An up and coming melodic post-hardcore band, Ursa Major easily justifies the buzz around them with the release of their album Old Bones. Whilst a release which suggests there is still plenty of scope for the band to explore as they fully find a distinct voice in the genre, the album is an enterprising and aggressive encounter which leaves a strong depth of satisfaction behind.
The Shepperton quintet with their imposing blend of metal and hardcore veined by skilfully sculpted melodic fire has earned strong reputation for their debut EP and live performances alongside the likes of Brotherhood Of The Lake, Golden Tanks, Our People Vs Yours, Terakai, I’ll Stay In Memphis, and Despite My Deepest Fear as well as at festivals such as Redfest. Their sound is flush with many vigorous flavours honed into an inciting and rampaging confrontation rife with compelling and incendiary rewards. Old Bones is the likely trigger to a wider awareness for the band and one suspects the first prominent step in their emergences as a force within the UK scene.
Out of the decent enough brief instrumental introduction Birth, a track which leads with craft and appetite into what is to follow, Black Lights instantly grabs potent attention and intrigue with crisp sinewy rhythms, a tight provocative groove, and the brawling coarse scowls of Elliott Fletcher. It is an impressive start with the rhythms of drummer Dan Mundy rigidly gripping the ear so the guitars of Richard Woods and Grant Marsh can unleash their sonic flames and ravenous riffs. It is the clean vocals of Fletcher though which elevate song and release in to something a little special from the rest of the similarly fuelled bands around, and alongside an open imagination and invention to the sound and songwriting, it makes for an impressive and thrilling introduction to the band.

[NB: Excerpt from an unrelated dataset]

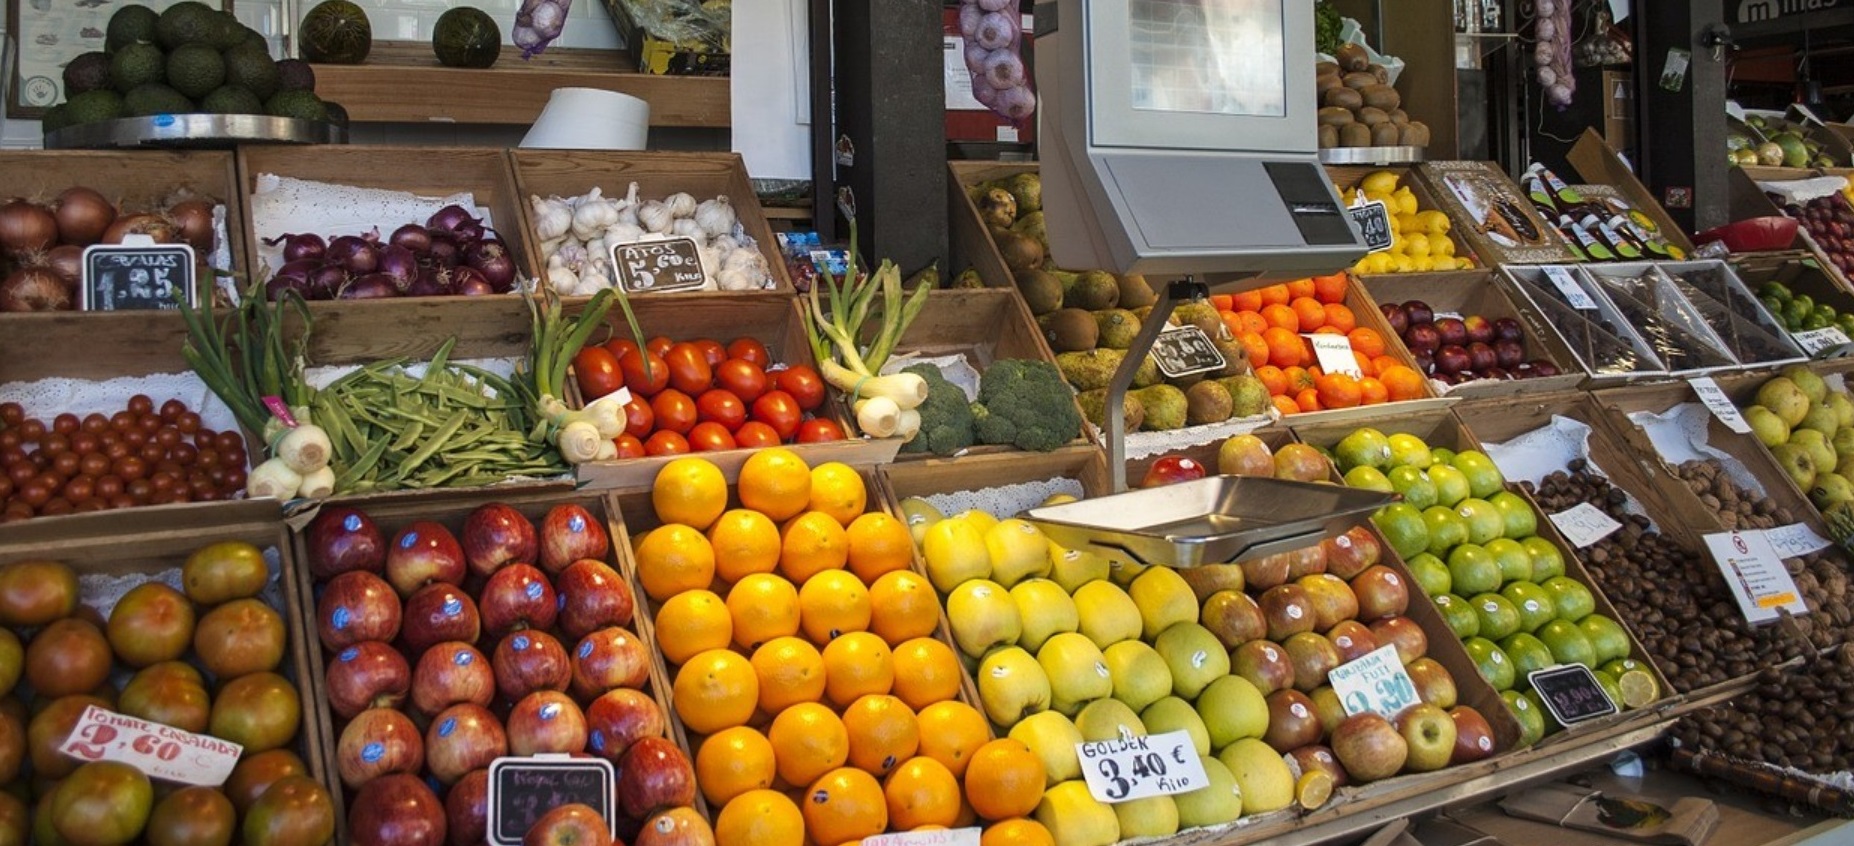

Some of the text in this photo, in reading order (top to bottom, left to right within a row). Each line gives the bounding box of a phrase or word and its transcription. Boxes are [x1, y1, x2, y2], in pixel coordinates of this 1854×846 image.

The following ravage of passion The Two Hundred, is a captivation of melodic fire and carnal riffs. The bass of Phil Nicholls offers a resonance which prowls the senses within the again caustic embrace of the track and ill-tempered vocals. As the first song the clean vocals shine and the equal sharing of vocal extremes is certainly a highlight of song and album, their potency as vibrant as the earnest and intelligently crafted sounds. Lyrically songs are dark and demanding, intrusive companions to bring an intense union to the exhausting element of their sound and none more so than the excellent Dead Eyes. The track gnaws at the senses with grinding riffs and exhausting rhythms creating an instant submission before its power whilst rewarding endurance with rewards of again an exceptional mix of vocals and emotive heat. Primarily a metalcore gaited slice of sonic blistering, the song alone sets the band up as ones to watch very closely and within the release is the biggest highlight of many.
Through current single Fist Of The Fleet, Ursa Major scrape and burn the already in place wounds but then soothes them with immense vocal harmonies and elegant melodies. As evocative as it is harassingly brazen, the track is another powerful and thrilling bruise upon the passions to strengthen the already brewed respect and eagerness towards the band.
Though the album slips below its high standards with the arguably formula Anchored and Clipped Wings, two accomplished and pleasingly inventive and smartly-shaped songs which simply fail to spark the responses of previous songs or step far enough away from efforts by other bands, Old Bones ends on a high with In Death, a final brutal self-reflection dripping emotion and creative energy.
Old Bones is a rich and contagious release where vocals and musical imagination stands out. Ursa Major is on a certain rise and as one suspects they are only scratching the surface of their invention and ideas the future is exciting for them and us.